Zhao Yun, Chen Yijia, Xu Xing, He Yong, Gan Hao, Wu Na, Wang Zhechen, Sun Xi, Wang Yali, Skobelev Petr, Mi Yanan
School of Artificial Intelligence and Information Engineering, Zhejiang University of Science and Technology, Hangzhou, China.
College of Biosystems Engineering and Food Science, Zhejiang University, Hangzhou, China.
Front Plant Sci. 2025 Jul 8;16:1618214. doi: 10.3389/fpls.2025.1618214. eCollection 2025.
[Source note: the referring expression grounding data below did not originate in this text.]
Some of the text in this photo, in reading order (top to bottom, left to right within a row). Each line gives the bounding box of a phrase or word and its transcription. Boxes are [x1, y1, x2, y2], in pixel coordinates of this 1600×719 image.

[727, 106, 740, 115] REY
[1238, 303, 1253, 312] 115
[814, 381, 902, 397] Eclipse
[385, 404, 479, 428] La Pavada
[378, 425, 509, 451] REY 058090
Screening and cultivating healthy small tomatoes, along with accurately predicting their yields, are crucial for sustaining the economy of tomato industry. However, in field scenarios, counting small tomato fruits is often hindered by environmental factors such as leaf shading. To address this challenge, this study proposed the Ta-YOLO modeling framework, aimed at improving the efficiency and accuracy of small tomato fruit detection. We captured images of small tomatoes at various stages of ripeness in real-world settings and compiled them into datasets for training and testing the model. First, we utilized the Space-to-Depth module to efficiently leverage the implicit features of the images while ensuring a lightweight operation of the backbone network. Next, we developed a novel pyramid pooling module(DASPPF) to capture global information through average pooling, effectively reducing the impact of edge and background noise on detection. We also introduced an additional tiny target detection head alongside the original detection head, enabling multi-scale detection of small tomatoes. To further enhance the model's focus on relevant information and improve its ability to recognize small targets, we designed a multi-dimensional attention structure(CSAM) that generated feature maps with more valuable information. Finally, we proposed the EWDIoU bounding box loss function, which leveraged a 2D Gaussian distribution to enhance the model's accuracy and robustness. The experimental results showed that the number of parameters, FLOPs, and FPS of our designed Ta-YOLO were 10.58M, 14.4G, and 131.58, respectively, and its mean average precision(mAP) reached 84.4%. It can better realize the counting of tomatoes with different maturity levels, which helps to improve the efficiency of the small tomato production and planting process.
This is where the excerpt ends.